### RECORDED INFORMATION
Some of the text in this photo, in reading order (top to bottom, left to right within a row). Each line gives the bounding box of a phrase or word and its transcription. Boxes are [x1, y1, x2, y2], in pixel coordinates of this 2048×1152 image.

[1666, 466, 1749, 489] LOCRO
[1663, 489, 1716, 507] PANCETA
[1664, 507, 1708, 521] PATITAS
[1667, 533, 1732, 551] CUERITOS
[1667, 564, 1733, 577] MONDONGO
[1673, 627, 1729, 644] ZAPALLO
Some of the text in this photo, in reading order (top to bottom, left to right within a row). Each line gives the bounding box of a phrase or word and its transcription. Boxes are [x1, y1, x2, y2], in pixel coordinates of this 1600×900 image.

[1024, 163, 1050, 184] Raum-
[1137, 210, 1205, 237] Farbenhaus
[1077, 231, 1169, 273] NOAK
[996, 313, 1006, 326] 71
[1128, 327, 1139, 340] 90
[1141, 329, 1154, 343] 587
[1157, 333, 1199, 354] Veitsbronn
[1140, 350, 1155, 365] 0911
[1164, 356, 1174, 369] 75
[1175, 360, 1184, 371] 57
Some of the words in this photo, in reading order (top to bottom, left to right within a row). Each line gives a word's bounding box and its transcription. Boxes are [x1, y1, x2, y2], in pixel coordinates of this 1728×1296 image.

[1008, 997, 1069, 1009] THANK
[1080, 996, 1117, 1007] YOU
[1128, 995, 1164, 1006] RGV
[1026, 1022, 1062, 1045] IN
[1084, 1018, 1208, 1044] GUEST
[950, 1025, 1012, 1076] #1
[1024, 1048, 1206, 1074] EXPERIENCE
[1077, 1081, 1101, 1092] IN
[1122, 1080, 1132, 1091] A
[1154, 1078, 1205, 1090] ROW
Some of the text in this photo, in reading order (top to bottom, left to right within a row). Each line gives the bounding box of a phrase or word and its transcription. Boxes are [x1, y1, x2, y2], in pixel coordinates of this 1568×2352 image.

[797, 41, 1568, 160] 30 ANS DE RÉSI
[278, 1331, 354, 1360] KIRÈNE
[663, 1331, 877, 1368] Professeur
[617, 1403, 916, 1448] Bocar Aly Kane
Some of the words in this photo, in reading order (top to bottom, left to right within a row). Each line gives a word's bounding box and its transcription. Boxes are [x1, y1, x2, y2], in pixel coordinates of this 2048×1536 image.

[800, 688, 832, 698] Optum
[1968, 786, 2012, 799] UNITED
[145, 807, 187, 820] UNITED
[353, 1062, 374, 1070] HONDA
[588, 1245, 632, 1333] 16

### TO DO
Produce an exact transcription of the lines from the one containing "this 2048×1536 image." through the end of the records, both included, and no other lines.

### RESULT BELOW
Some of the words in this photo, in reading order (top to bottom, left to right within a row). Each line gives a word's bounding box and its transcription. Boxes are [x1, y1, x2, y2], in pixel coordinates of this 2048×1536 image.

[800, 688, 832, 698] Optum
[1968, 786, 2012, 799] UNITED
[145, 807, 187, 820] UNITED
[353, 1062, 374, 1070] HONDA
[588, 1245, 632, 1333] 16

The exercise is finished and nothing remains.